Privatization, and the continued push for it, reduces people's power over their everyday lives. Progressive Maryland is active in opposing, or remedying, loss of people power.

/By Woody Woodruff/ Progressives recognize that keeping as much democratic, public control as possible over the crucial financial aspects of our lives is critical to maintaining a civil society. Progressive Maryland has taken a role in advocating on two issues where this is at stake, and testified this week before the Montgomery County delegation on relevant bills.

 Montgomery County is considering turning over its publicly regulated and managed retail liquor business sector to the private sector, ending the central role of public liquor stores in stabilizing sales and use of a commodity that gives pleasure to many but is implicated in much suffering as well.

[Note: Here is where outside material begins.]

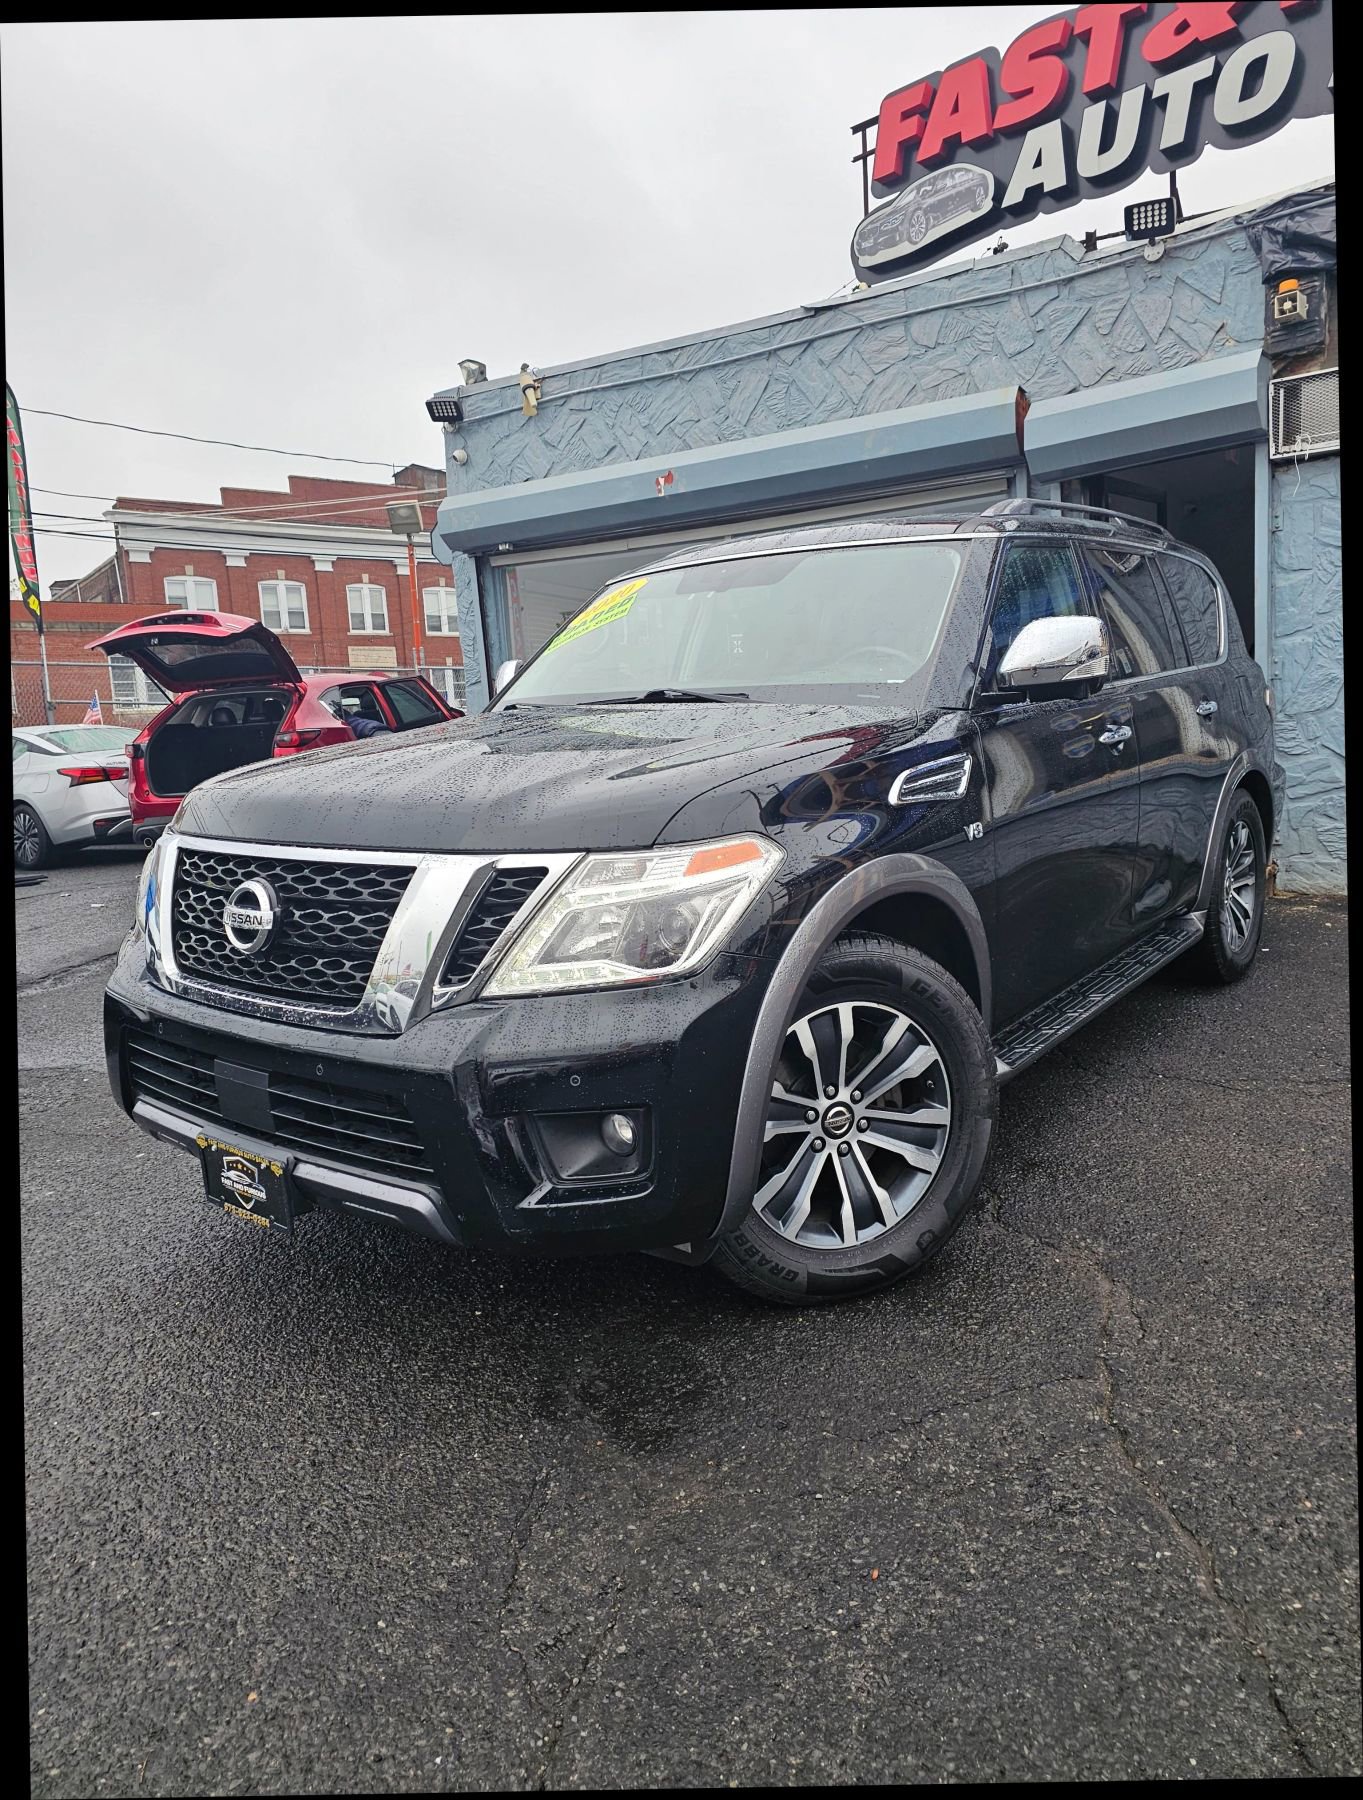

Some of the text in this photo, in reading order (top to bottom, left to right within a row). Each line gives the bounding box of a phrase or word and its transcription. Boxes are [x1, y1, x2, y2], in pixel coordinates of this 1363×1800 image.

 As Larry Stafford, PM’s executive director, argued at a hearing on the state law (local bill MC 3-16) that would make this change to privatization, the current system of public regulation and management of this potent product has significant benefits compared to one totally controlled by private-sector interests.  

 “Oversight and accountability can be much better maintained in a control system,” Stafford testified in summary, and he pointed out that national comparisons of public versus private control of the retail liquor industry show more deaths of young drivers, as well as significant drops in public revenues, under privatization. Montgomery’s public liquor activity, like that in many other jurisdictions, provides safety and health guidance for many purchasers that can reduce the potential for harm that can come with alcohol consumption. As with many other economic activities, democratic public oversight, regulation and management are critical to restrict out-of-control private behavior that sacrifices the interests of people to the interests of profit. PM backs MC 7-16, which retains public retail liquor management and is endorsed by eight (out of nine) county council members.

 Testimony from officials of MCGEO, the public employee union, noted that $35 million in annual county revenue would be lost and have to be replaced if privatization is chosen

 Similarly, the burden of student loans weighs down the prospects for a productive life for many young people in our society. Justin Vest, a PM staff member, gave testimony to Montgomery County’s state delegation in support of a proposal to create a Student Loan Refinance Authority. Student loan debt, which at $1.3 trillion now exceeds total credit card debt in the US, afflicts many young people – at least 25 million – trying to start families or establish households. Included in this group are graduate students who account for 40 percent of total loans. Many take jobs with high social value, modest salaries, yet requires high levels of education like teachers, social workers and nonprofit employees.

 Our society and communities can’t thrive when young people can’t get a start in life due to loan burdens that keep them from accumulating, for instance, down payments on a home mortgage. The student loan industry is slowly emerging from a privatized era when financial institutions fattened on these high-interest loans sheltered from risk by federal guarantees – a type of pseudo-democratic control that in fact worked against the public good.

 A refinancing mechanism for student loan burdens would return this critical factor in our society to greater public control (while we debate how costly, or how nearly free, public higher education should be).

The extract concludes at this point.